Provided records:
____
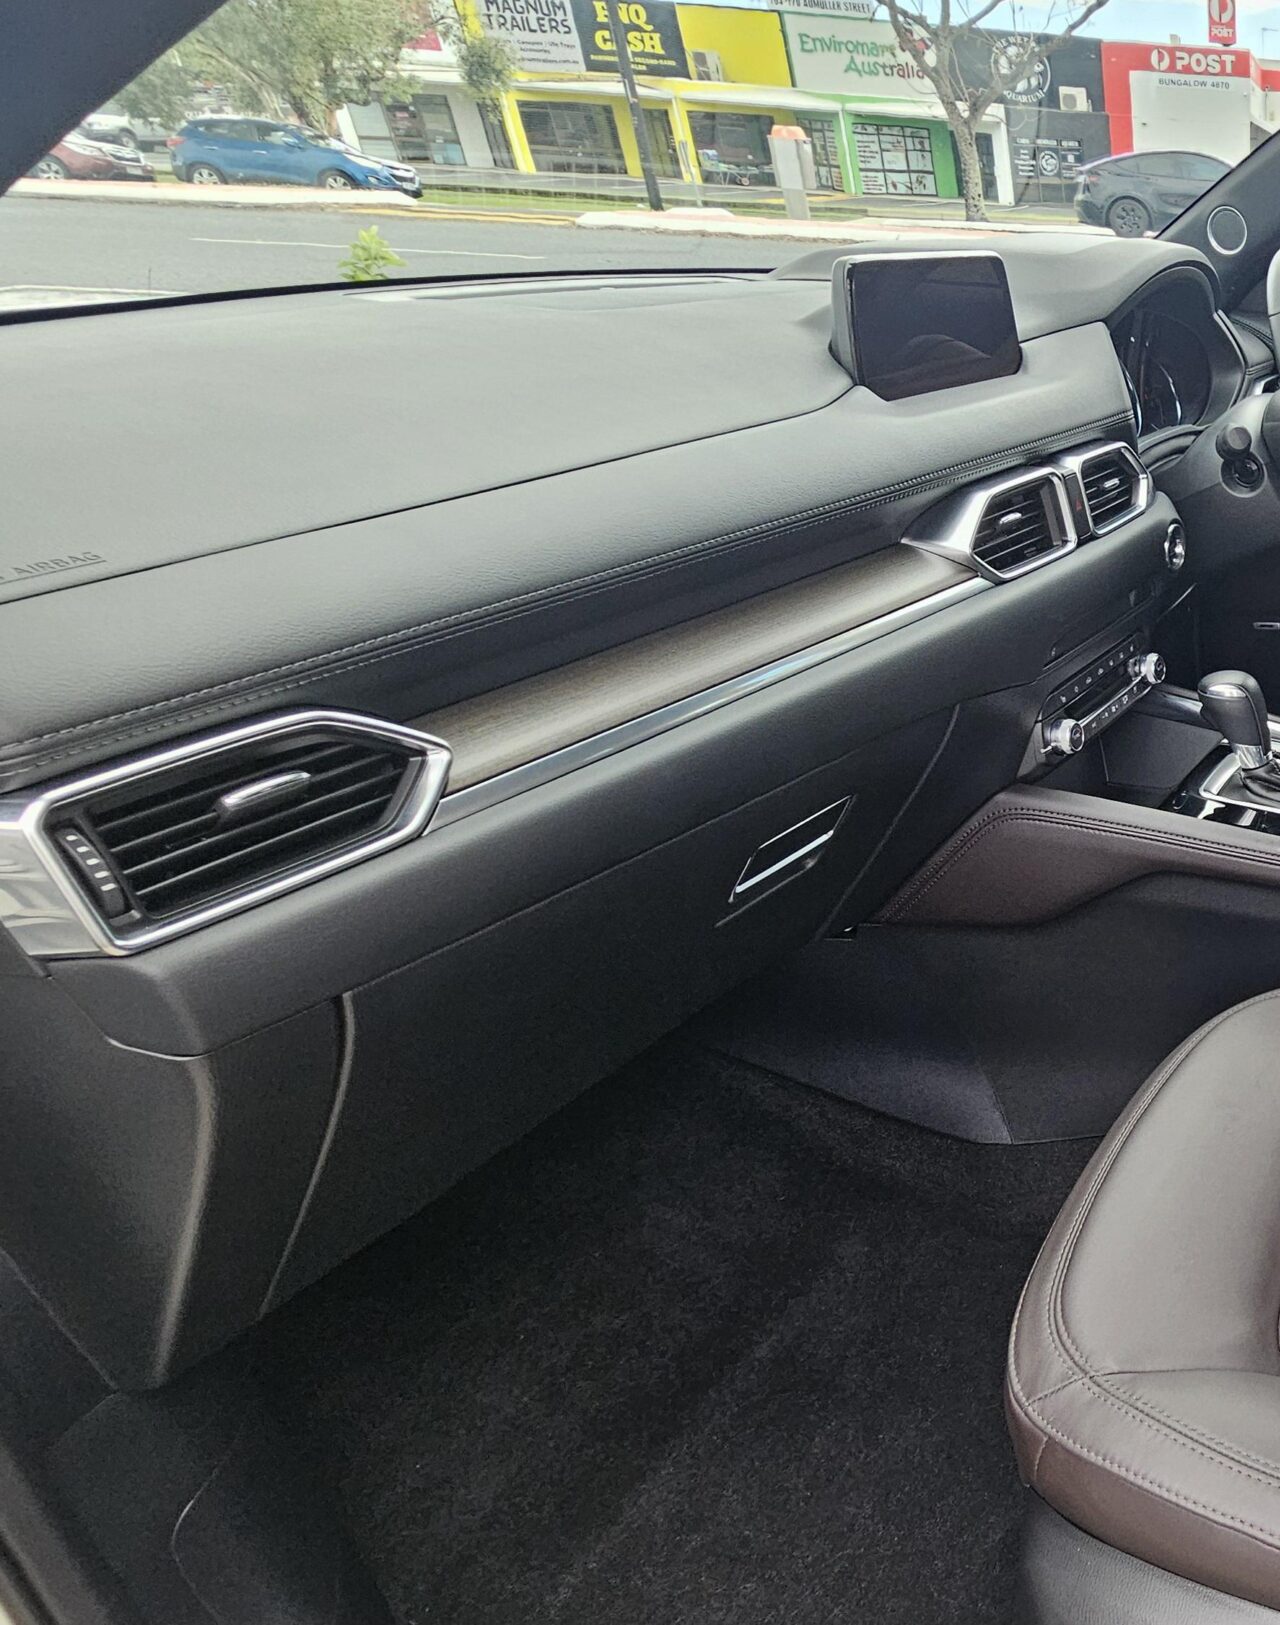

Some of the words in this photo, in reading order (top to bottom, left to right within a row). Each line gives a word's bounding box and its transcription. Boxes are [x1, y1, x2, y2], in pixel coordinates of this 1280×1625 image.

[484, 0, 567, 17] MAGNUM
[844, 2, 871, 13] STREET
[482, 13, 572, 34] TRAILERS
[1211, 27, 1234, 38] POST
[594, 30, 666, 54] CSH
[1175, 50, 1236, 74] POST
[1158, 77, 1208, 89] BUNGALOW
[1210, 80, 1230, 90] 4870
[11, 551, 102, 574] AIRBAG
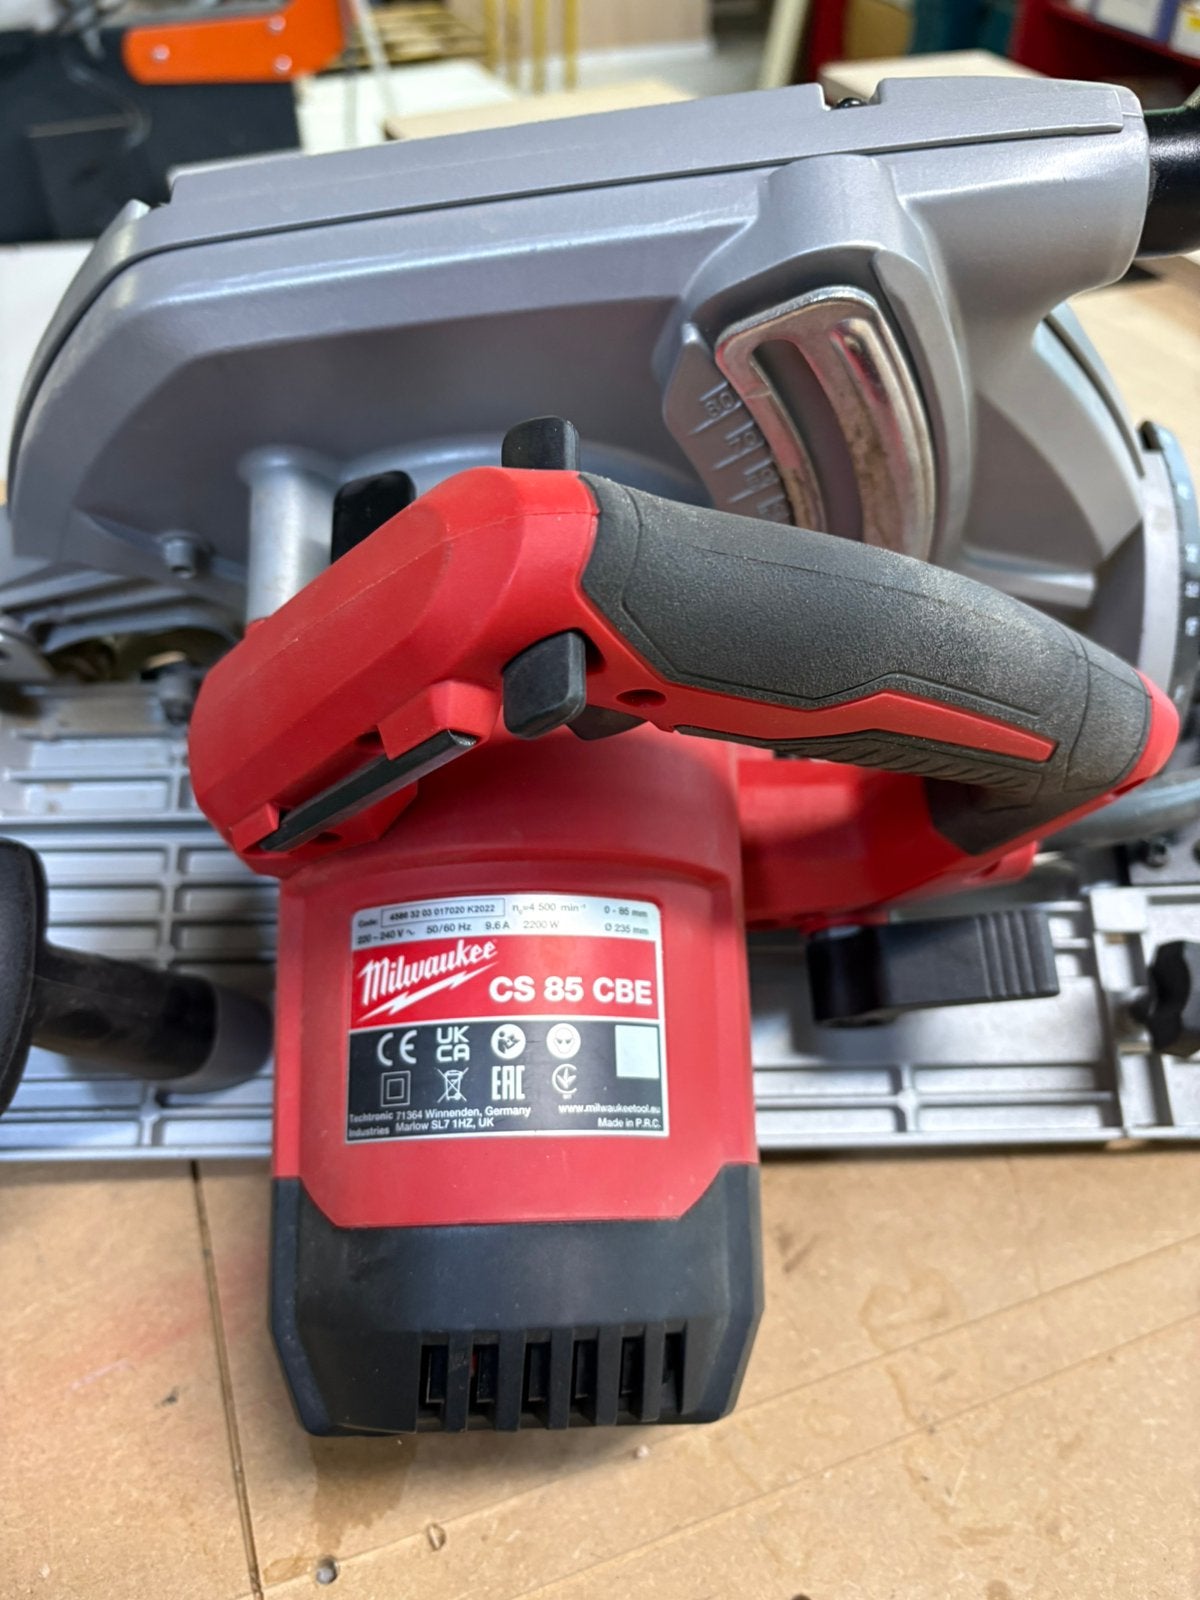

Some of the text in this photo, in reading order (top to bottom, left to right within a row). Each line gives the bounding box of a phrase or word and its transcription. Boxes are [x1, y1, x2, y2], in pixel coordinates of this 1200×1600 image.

[434, 907, 466, 916] 017020
[467, 904, 496, 913] K2022
[604, 905, 610, 914] 0
[632, 909, 648, 918] mm
[396, 928, 404, 938] V
[426, 924, 456, 934] 50/60
[458, 922, 472, 932] Hz
[485, 922, 500, 930] 9.6
[502, 920, 510, 929] A
[523, 920, 548, 929] 2200
[549, 920, 560, 928] W
[614, 924, 630, 934] 235
[633, 926, 649, 935] mm
[357, 938, 498, 1006] Milwaukee
[489, 975, 653, 1006] CS 85 CBE
[436, 1026, 470, 1044] UK
[376, 1029, 418, 1067] CE
[436, 1044, 470, 1062] CA
[492, 1065, 526, 1100] EAC
[350, 1106, 532, 1122] Techtronic 71364 Winnenden, Germany
[558, 1103, 661, 1114] www.milwaukeetool.eu
[348, 1117, 494, 1137] Industries Marlow SL7 1HZ, UK
[598, 1117, 662, 1128] Made in P.R.C.
____
Your goal:
With the pictures removed, output the listing above exactly.

Solution below:
Some of the words in this photo, in reading order (top to bottom, left to right within a row). Each line gives a word's bounding box and its transcription. Boxes are [x1, y1, x2, y2], in pixel coordinates of this 1280×1625 image.

[484, 0, 567, 17] MAGNUM
[844, 2, 871, 13] STREET
[482, 13, 572, 34] TRAILERS
[1211, 27, 1234, 38] POST
[594, 30, 666, 54] CSH
[1175, 50, 1236, 74] POST
[1158, 77, 1208, 89] BUNGALOW
[1210, 80, 1230, 90] 4870
[11, 551, 102, 574] AIRBAG

Some of the text in this photo, in reading order (top to bottom, left to right within a row). Each line gives the bounding box of a phrase or word and its transcription. Boxes are [x1, y1, x2, y2], in pixel coordinates of this 1200×1600 image.

[434, 907, 466, 916] 017020
[467, 904, 496, 913] K2022
[604, 905, 610, 914] 0
[632, 909, 648, 918] mm
[396, 928, 404, 938] V
[426, 924, 456, 934] 50/60
[458, 922, 472, 932] Hz
[485, 922, 500, 930] 9.6
[502, 920, 510, 929] A
[523, 920, 548, 929] 2200
[549, 920, 560, 928] W
[614, 924, 630, 934] 235
[633, 926, 649, 935] mm
[357, 938, 498, 1006] Milwaukee
[489, 975, 653, 1006] CS 85 CBE
[436, 1026, 470, 1044] UK
[376, 1029, 418, 1067] CE
[436, 1044, 470, 1062] CA
[492, 1065, 526, 1100] EAC
[350, 1106, 532, 1122] Techtronic 71364 Winnenden, Germany
[558, 1103, 661, 1114] www.milwaukeetool.eu
[348, 1117, 494, 1137] Industries Marlow SL7 1HZ, UK
[598, 1117, 662, 1128] Made in P.R.C.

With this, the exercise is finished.